# Exercise description
Return, from the lines below, each one that includes the word "вариантов".

(Beginning of Source records)

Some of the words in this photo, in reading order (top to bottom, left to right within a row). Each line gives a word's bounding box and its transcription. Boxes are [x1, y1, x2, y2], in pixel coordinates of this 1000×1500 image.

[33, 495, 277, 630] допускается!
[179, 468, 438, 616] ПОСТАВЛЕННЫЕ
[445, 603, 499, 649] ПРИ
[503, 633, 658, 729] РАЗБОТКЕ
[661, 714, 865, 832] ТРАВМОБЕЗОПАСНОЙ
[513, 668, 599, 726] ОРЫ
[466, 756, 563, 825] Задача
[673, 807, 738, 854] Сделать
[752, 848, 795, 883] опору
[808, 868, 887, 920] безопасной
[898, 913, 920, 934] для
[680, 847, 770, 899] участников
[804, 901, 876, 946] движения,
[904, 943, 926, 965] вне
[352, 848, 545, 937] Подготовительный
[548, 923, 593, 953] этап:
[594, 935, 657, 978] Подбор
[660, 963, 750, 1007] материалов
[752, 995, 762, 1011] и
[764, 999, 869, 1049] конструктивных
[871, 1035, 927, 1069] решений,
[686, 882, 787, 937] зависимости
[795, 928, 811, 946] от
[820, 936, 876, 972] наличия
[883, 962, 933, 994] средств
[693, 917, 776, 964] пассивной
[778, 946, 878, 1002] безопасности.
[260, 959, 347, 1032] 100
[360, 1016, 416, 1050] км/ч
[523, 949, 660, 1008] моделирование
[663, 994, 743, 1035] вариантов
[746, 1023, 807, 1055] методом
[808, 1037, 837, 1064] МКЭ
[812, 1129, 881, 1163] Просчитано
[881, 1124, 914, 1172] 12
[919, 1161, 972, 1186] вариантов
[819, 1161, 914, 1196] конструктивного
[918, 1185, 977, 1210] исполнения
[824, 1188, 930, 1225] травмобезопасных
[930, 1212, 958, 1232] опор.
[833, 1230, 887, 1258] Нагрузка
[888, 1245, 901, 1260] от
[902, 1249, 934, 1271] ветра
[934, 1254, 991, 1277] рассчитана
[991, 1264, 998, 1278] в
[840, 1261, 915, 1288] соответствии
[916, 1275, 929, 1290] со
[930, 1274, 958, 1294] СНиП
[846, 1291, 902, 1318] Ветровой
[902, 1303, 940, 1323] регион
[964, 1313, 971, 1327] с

(End of Source records)

# Exercise solution
[663, 994, 743, 1035] вариантов
[919, 1161, 972, 1186] вариантов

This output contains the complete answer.